Na América Latina tem crescido as tentativas de golpe contra os governos antiimperialistas do continente, como ocorreu na Venezuela, na Bolívia e no Equador. A militarização do continente latino-americano é uma realidade: a reativação da Quarta Frota; a ocupação militar no Haiti, capitaneada por tropas brasileiras, a mando do Imperialismo; o golpe militar em Honduras; o aprofundamento da política fascista do governo Colombiano, contra os lutadores e lutadoras sociais, que vem resistindo pacifica e militarmente, através da luta heróica dos camaradas das FARC-EP; a forte repressão sofrida pelos estudantes chilenos em sua luta por uma educação pública; além da continuidade do bloqueio criminoso a Cuba Socialista que segue resistindo heroicamente ao Império são alguns exemplos das tentativas de criminalizar as lutas e os movimentos sociais.

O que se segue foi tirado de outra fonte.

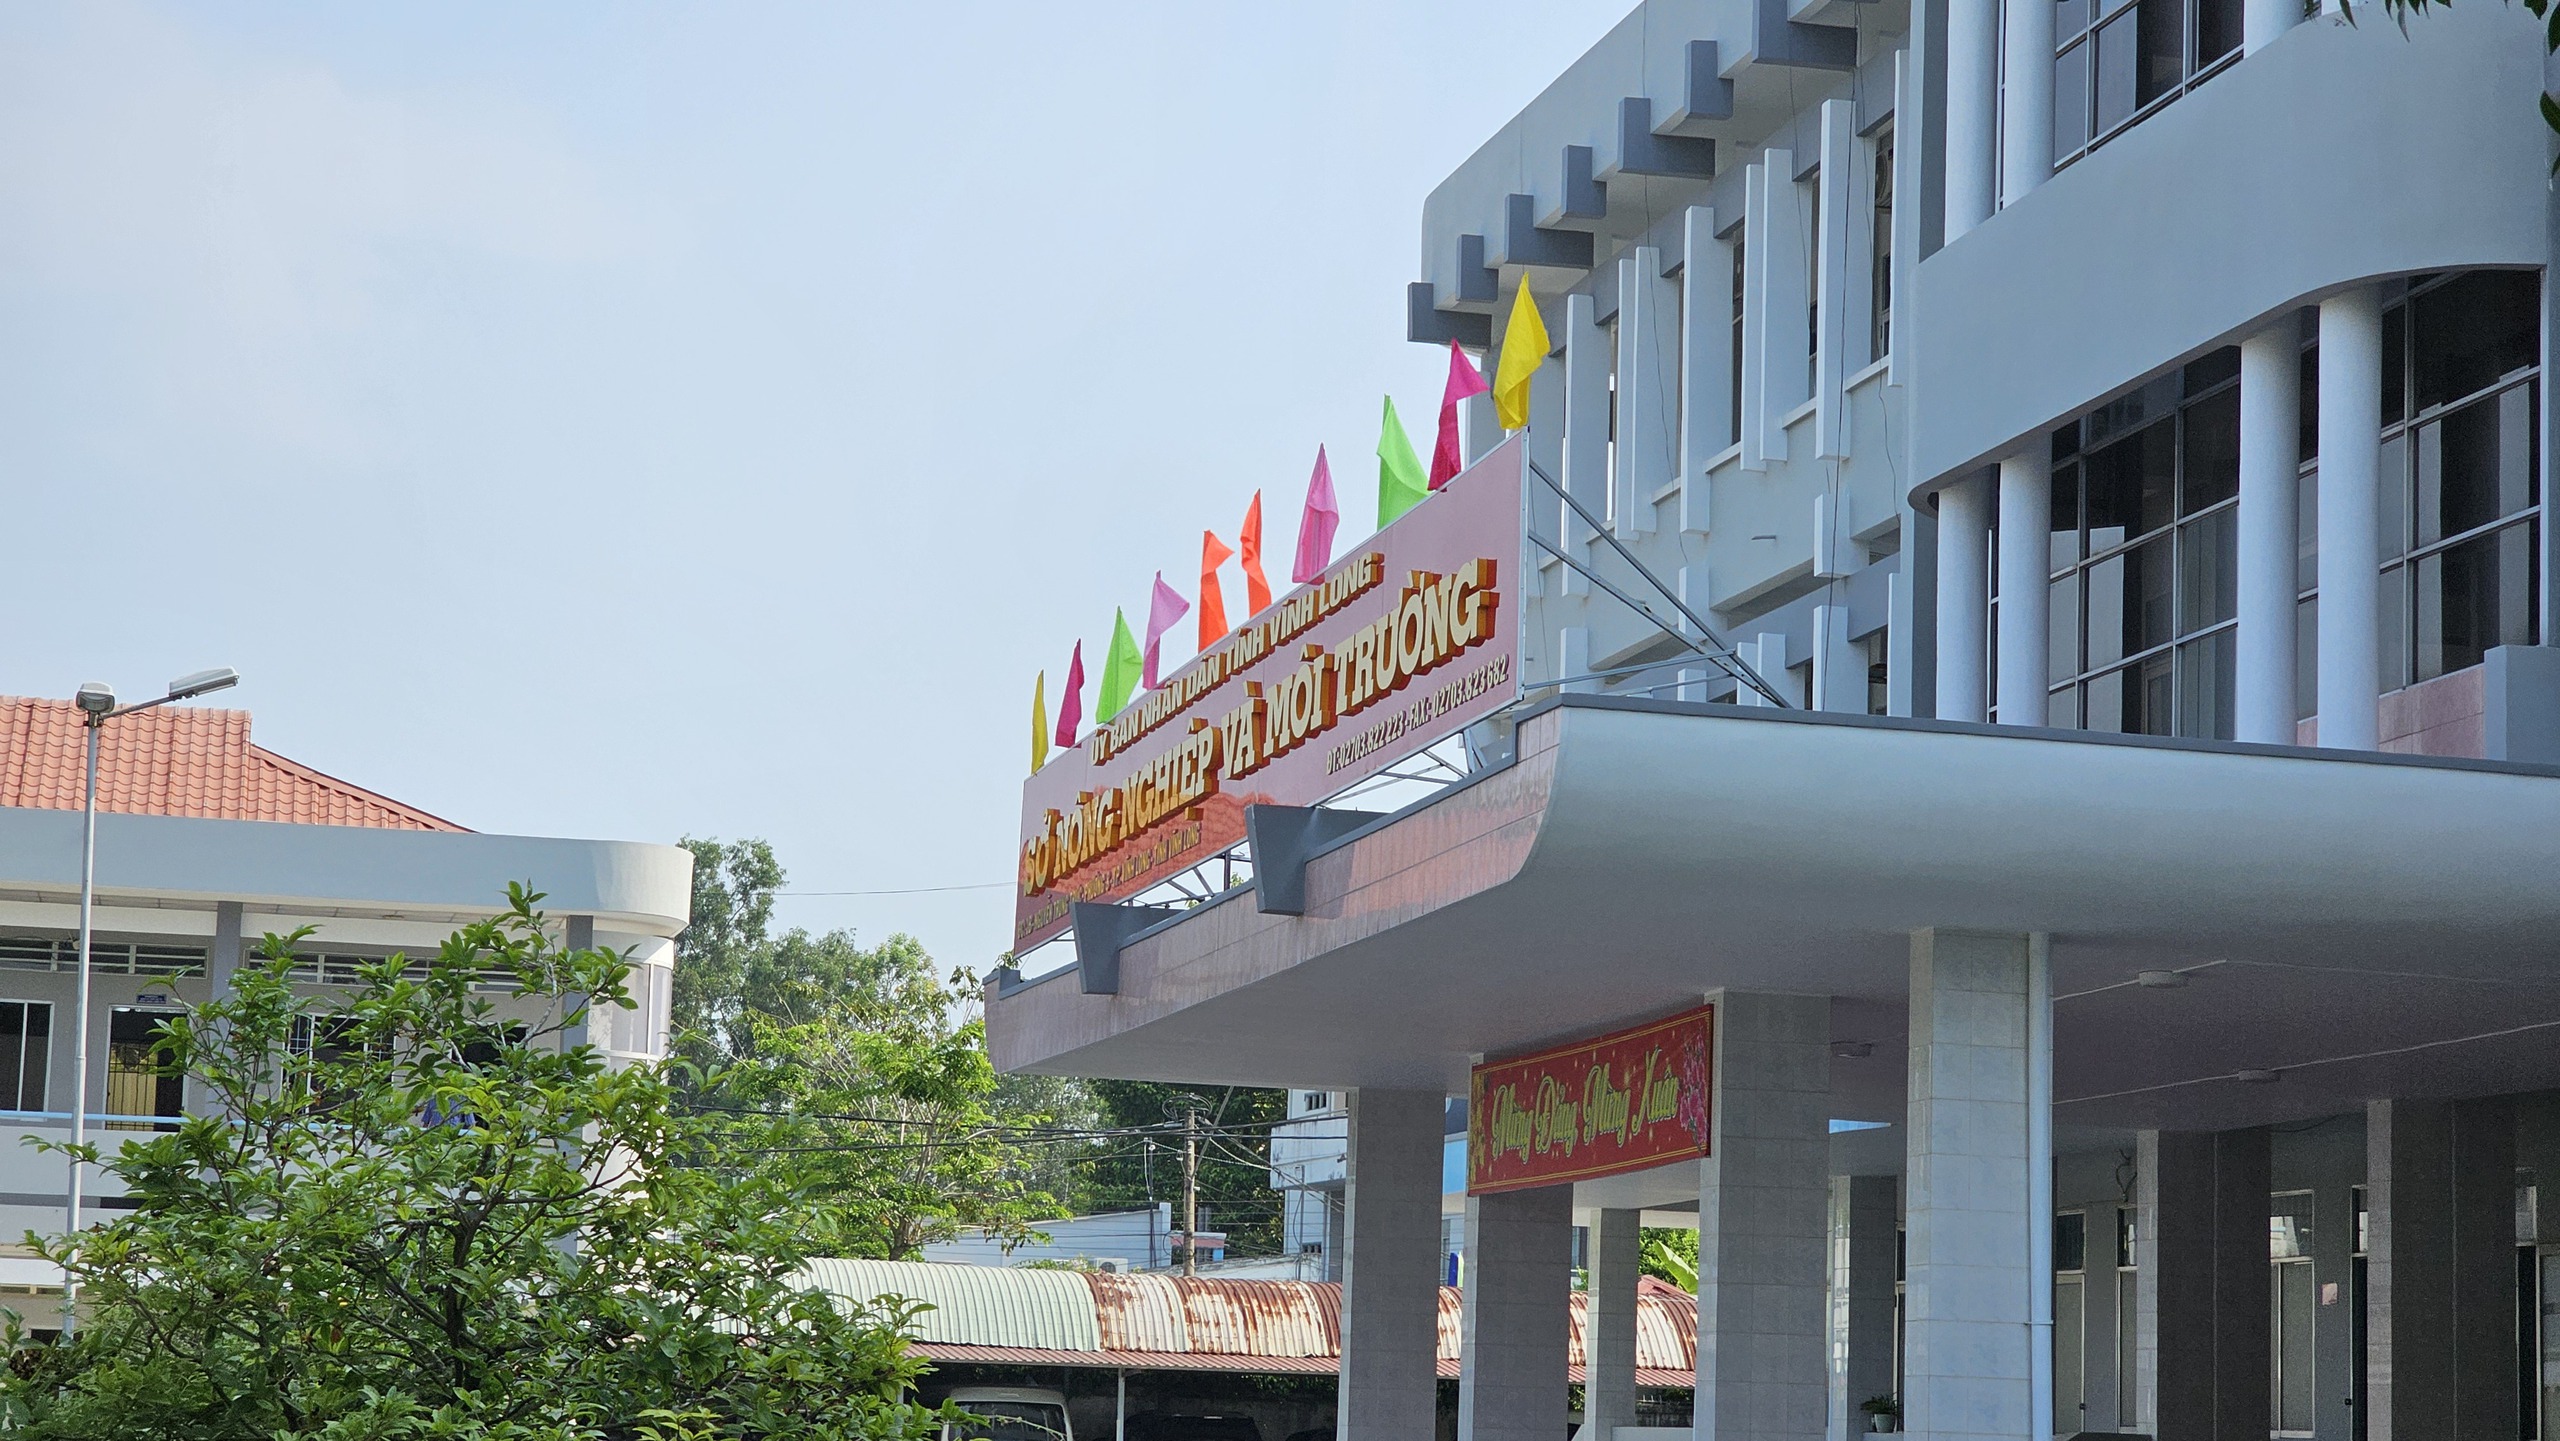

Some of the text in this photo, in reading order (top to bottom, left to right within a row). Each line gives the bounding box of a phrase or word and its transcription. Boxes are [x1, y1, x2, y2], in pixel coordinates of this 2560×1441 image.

O continente vive hoje um cenário de agudização das lutas de classes. A crise tem seus impactos também nos países latino-americanos. As greves e mobilizações de trabalhadores e estudantes para garantir e avançar em seus direitos que vem sofrendo constantes ataques. As lutas têm sido desmobilizadas principalmente através de governos reformistas que pintam um discurso progressista, mas que só fazem aprofundar um modelo de dominação capitalista em seus países e no continente.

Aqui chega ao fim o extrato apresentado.